Леонид Мечников, капитан военно-морского флота в отставке, был более спокоен, чем рядовые пехотинцы Люциан Грибков и Владимир Шорц. На вопрос об отце он ответил, что его помнит и что тот еще жив.

— И вы его уважаете?

— Естественно, — ответил Мечников.

— Ну а как он относится к тому, что вы так пишете?

— А ему это нравится, — ответил Леонид.

Хрущев несколько остолбенело посмотрел на красивое лицо морского офицера.
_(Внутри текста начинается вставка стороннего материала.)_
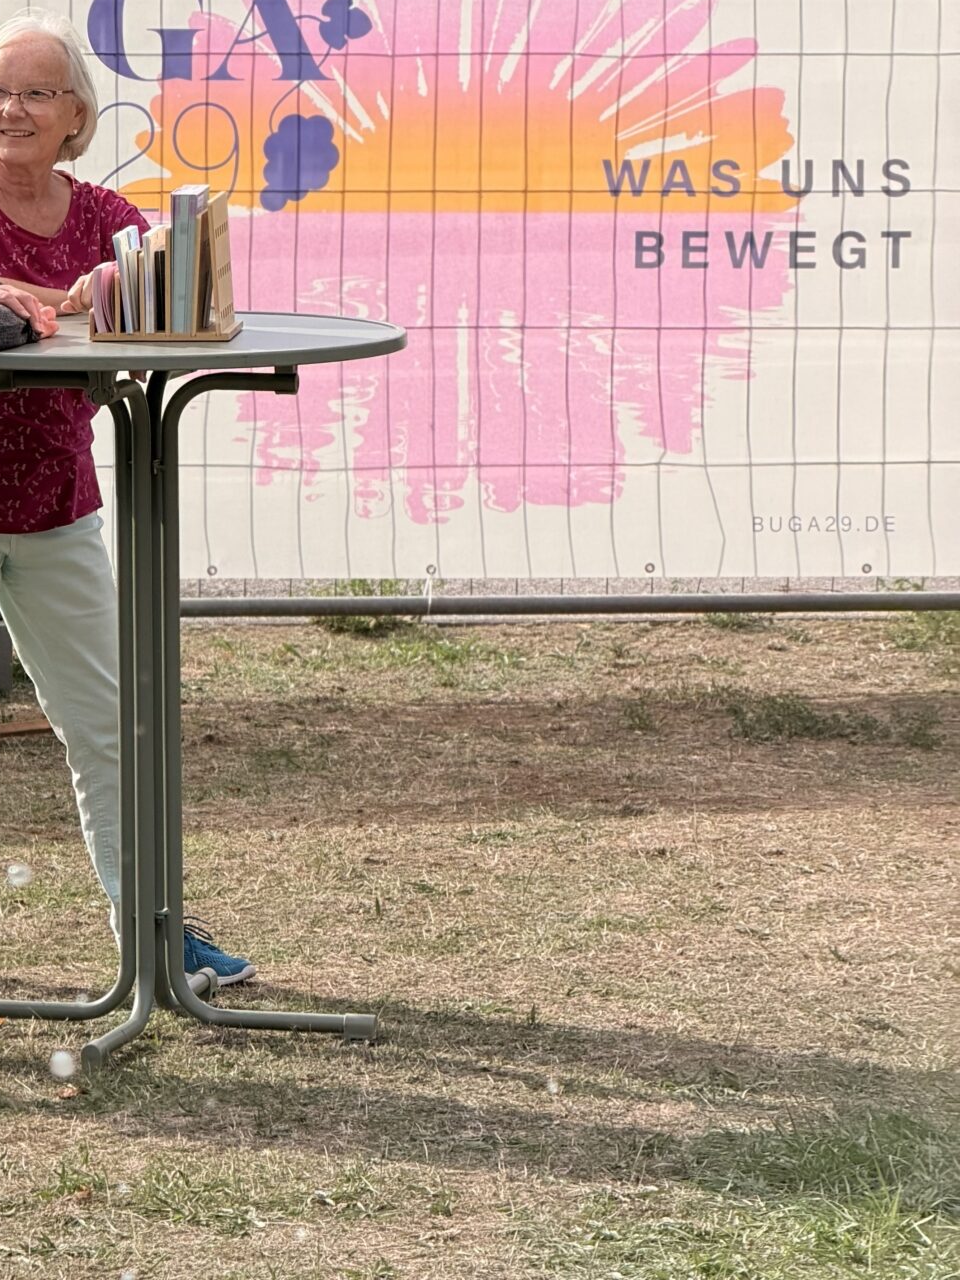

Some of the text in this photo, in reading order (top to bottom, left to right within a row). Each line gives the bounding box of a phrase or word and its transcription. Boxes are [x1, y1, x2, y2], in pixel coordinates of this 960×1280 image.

[602, 158, 913, 199] WAS UNS
[634, 230, 912, 270] BEWEGT
[753, 516, 897, 532] BUGA29.DE
Казалось, та театральная мистерия, которую пробовал разыграть Хрущев, пошла на убыль.

— Ну, ладно, — сказал Хрущев, — а теперь рассказывайте, в чем тут дело.

Это был уже какой-то шанс, и я увидел, как по-разному насторожились Суслов, Шелепин, Аджубей.

— Эти художники, которых вы видите, — начал я, взбешенный поведением премьера и решив не называть его по имени-отчеству, — много ездят по стране, любят ее и стремятся передать не только по зрительным впечатлениям, но и сердцем.

— Где сердце, там и глаза, — сказал Хрущев.

— Поэтому их картины передают не копию природы, а ее преображенный их чувствами и отношениями образ, — продолжал я, не реагируя на хрущевскую реплику. — Вот взять, например, эту картину Николая Крылова «Спасские ворота»...

Я говорил обычными словами, которыми стало принято объяснять живопись. Хрущев слушал молча, наклонив голову. Он, похоже, успокаивался. Никто не прерывал, и чувствовалось, пройдет еще пять-десять минут, и вся история закончится. Но этих минут не случилось. Посередине моего достаточно долгого объяснения сухая шея Суслова наклонилась к Хрущеву, и тот, посмотрев на мое спокойное лицо, неожиданно взорвался:

— Да что вы говорите, какой это Кремль! Это издевательство. Где тут зубцы на стенах — почему их не видно?

И тут же ему стало не по себе, и он добавил вежливо:

— Очень общо и непонятно. Вот что, Белютин, я вам говорю как председатель совета министров: все это не нужно советскому народу. Понимаете, это я вам говорю!

Ему опять стало не по себе. Лицо его менялось, а маленькие глазки забегали по окружающим лицам.

— Но и вы, Серов, тоже не умеете хорошо писать, — сказал Хрущев, обращаясь к этому художнику-сталинисту, который все время его накручивал. — Вот я помню, мы посетили Дрезденскую галерею. Нам показали картину — вот так были написаны руки, что даже в лупу мазков не различишь. А вы тоже так не умеете!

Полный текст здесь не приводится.